What is needed is an exact copy of the entries below, from the line that contains "this 1082×1614 image." through the final line, both included, and nothing else.

........

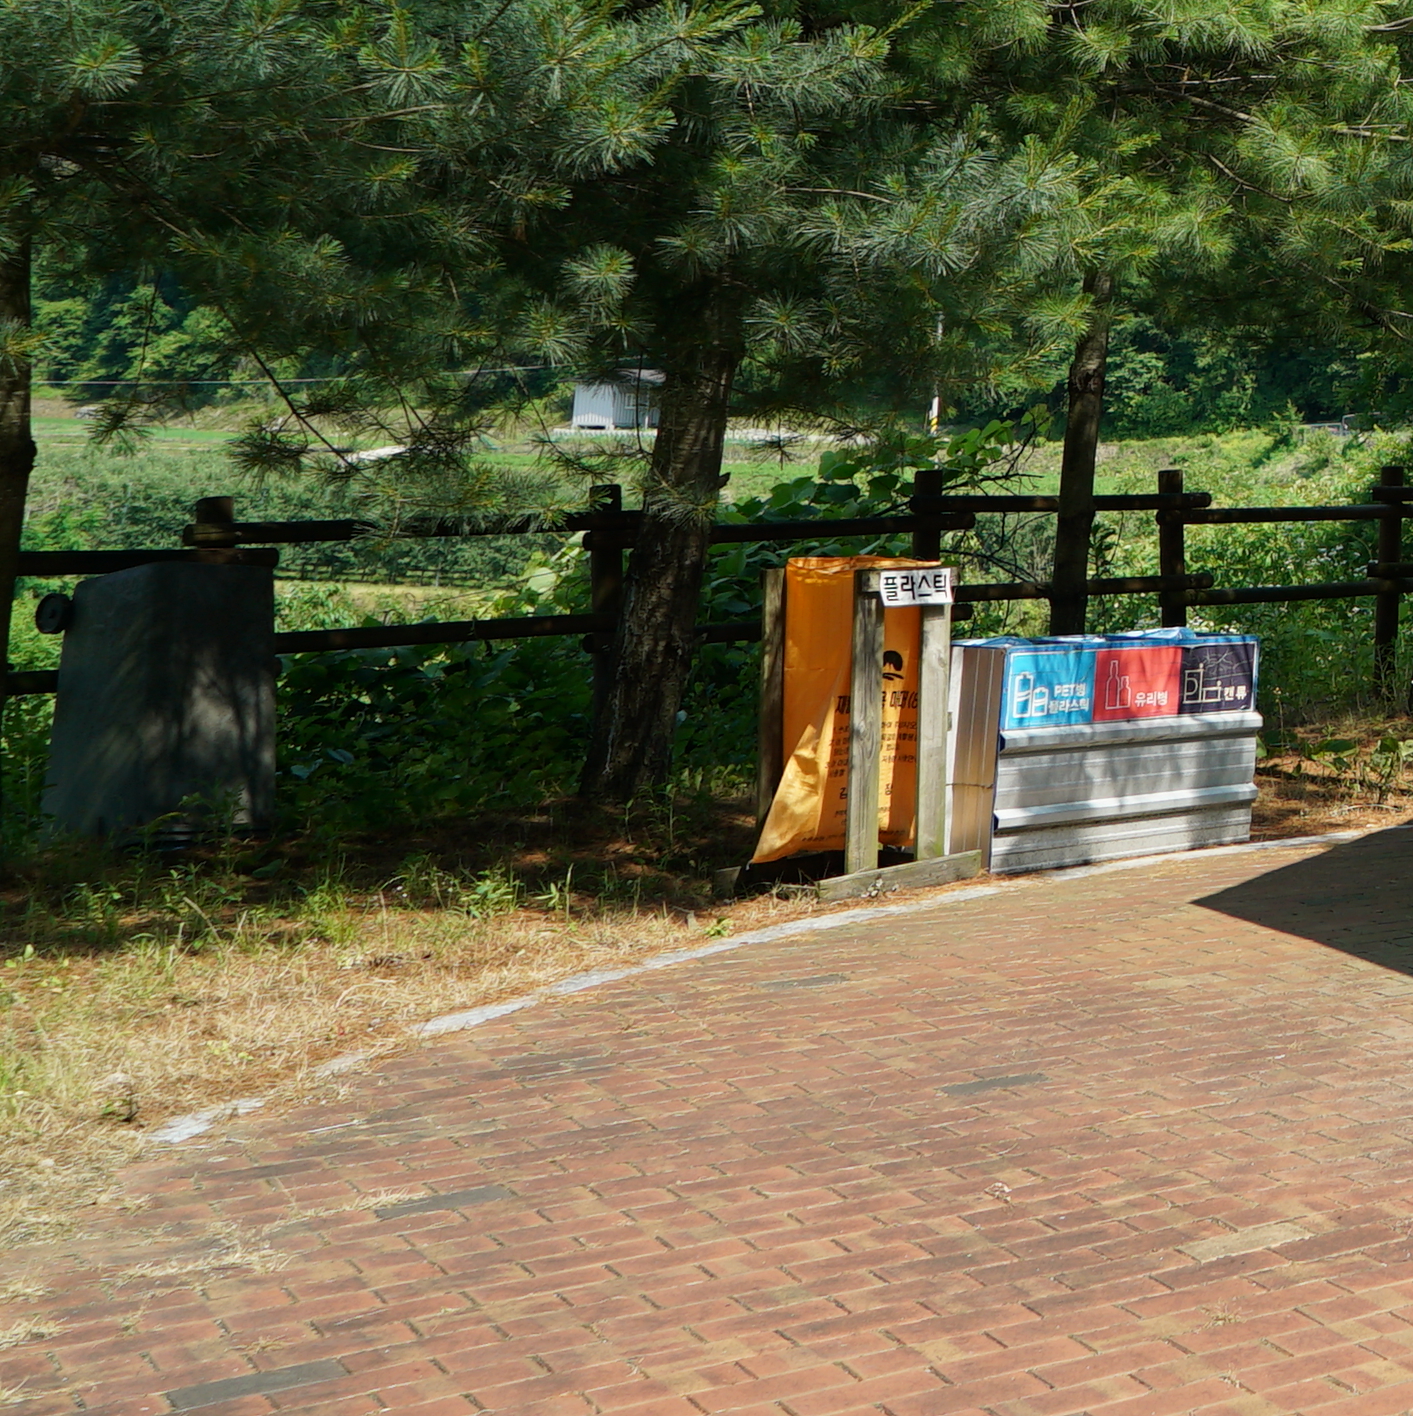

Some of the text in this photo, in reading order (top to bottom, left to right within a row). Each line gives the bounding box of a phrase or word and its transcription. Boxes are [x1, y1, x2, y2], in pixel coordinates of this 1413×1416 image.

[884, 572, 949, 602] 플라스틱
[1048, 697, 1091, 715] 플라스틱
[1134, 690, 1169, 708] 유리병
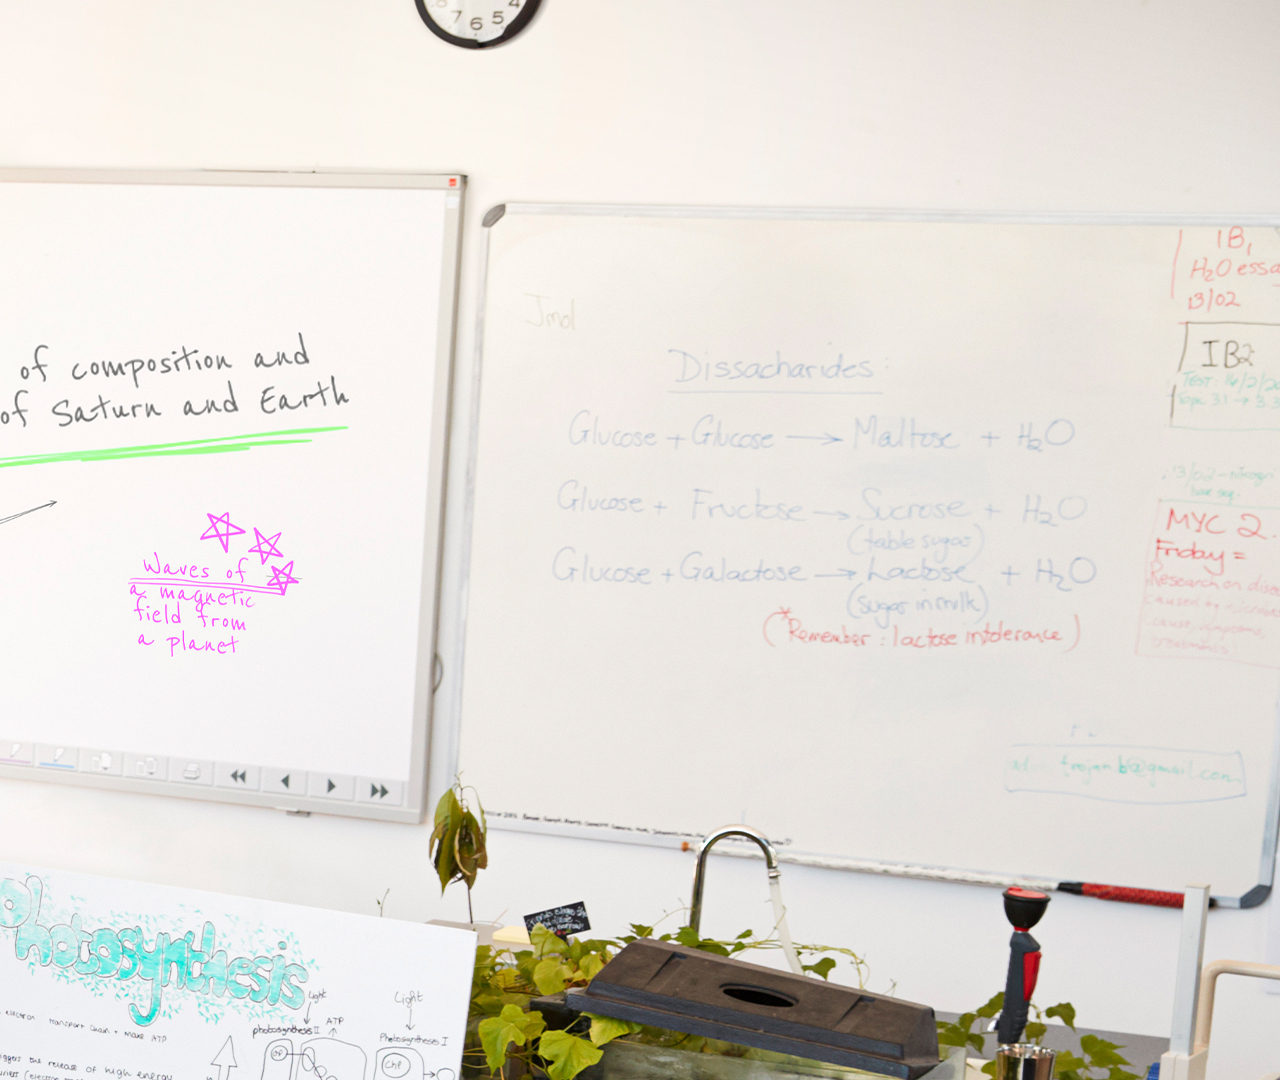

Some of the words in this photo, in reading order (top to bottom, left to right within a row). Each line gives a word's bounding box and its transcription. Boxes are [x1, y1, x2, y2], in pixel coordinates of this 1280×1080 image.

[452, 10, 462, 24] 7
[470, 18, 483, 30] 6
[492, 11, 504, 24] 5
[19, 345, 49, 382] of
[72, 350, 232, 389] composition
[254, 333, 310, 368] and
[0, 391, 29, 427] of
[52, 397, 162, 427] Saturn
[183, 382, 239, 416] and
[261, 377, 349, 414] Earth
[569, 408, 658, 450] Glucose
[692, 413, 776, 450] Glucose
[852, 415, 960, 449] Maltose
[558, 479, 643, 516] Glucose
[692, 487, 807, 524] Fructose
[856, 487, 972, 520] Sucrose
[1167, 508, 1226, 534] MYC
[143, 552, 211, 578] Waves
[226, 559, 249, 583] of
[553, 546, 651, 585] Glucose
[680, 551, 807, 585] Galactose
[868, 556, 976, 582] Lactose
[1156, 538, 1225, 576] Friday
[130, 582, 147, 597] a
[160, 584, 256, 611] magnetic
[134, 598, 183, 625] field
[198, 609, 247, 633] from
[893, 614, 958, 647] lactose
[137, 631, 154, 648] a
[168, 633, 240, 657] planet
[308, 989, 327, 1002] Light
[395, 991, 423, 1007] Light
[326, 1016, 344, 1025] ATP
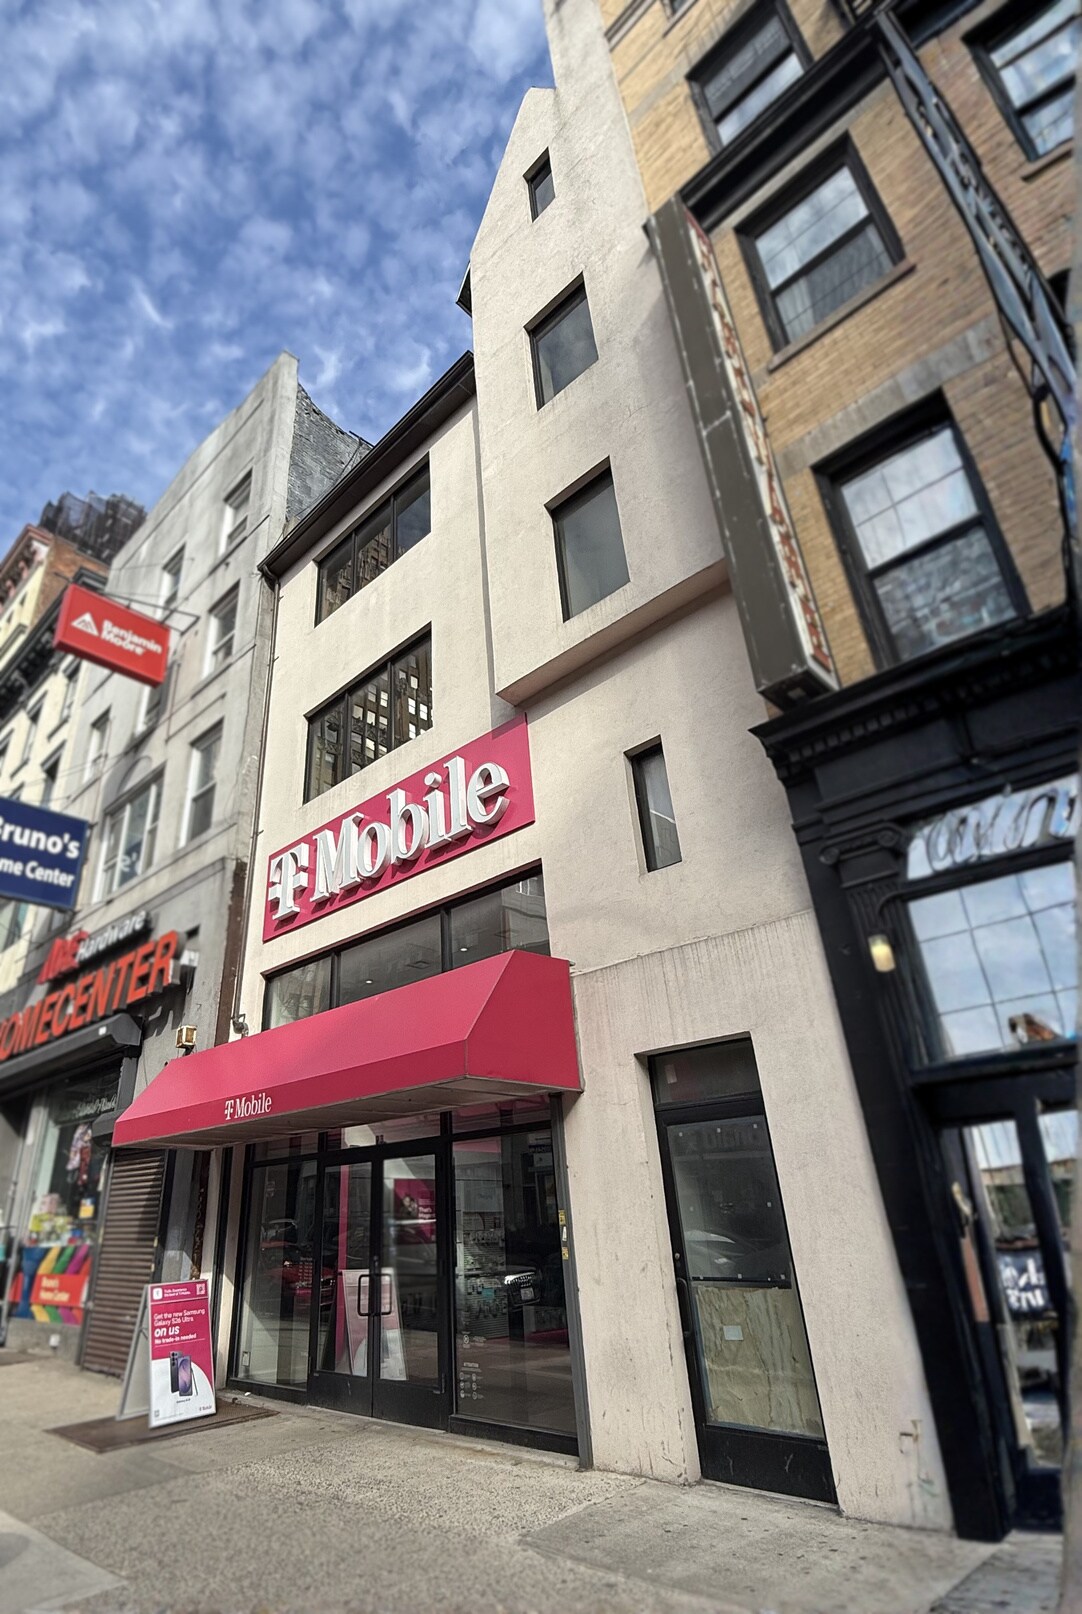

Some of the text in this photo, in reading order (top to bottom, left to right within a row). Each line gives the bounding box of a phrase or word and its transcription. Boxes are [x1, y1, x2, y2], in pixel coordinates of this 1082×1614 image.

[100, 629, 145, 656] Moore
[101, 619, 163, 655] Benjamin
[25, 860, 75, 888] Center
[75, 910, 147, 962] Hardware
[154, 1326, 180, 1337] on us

........

■ Answer section ■
Some of the text in this photo, in reading order (top to bottom, left to right within a row). Each line gives the bounding box of a phrase or word and its transcription. Boxes are [x1, y1, x2, y2], in pixel coordinates of this 1082×1614 image.

[100, 629, 145, 656] Moore
[101, 619, 163, 655] Benjamin
[25, 860, 75, 888] Center
[75, 910, 147, 962] Hardware
[154, 1326, 180, 1337] on us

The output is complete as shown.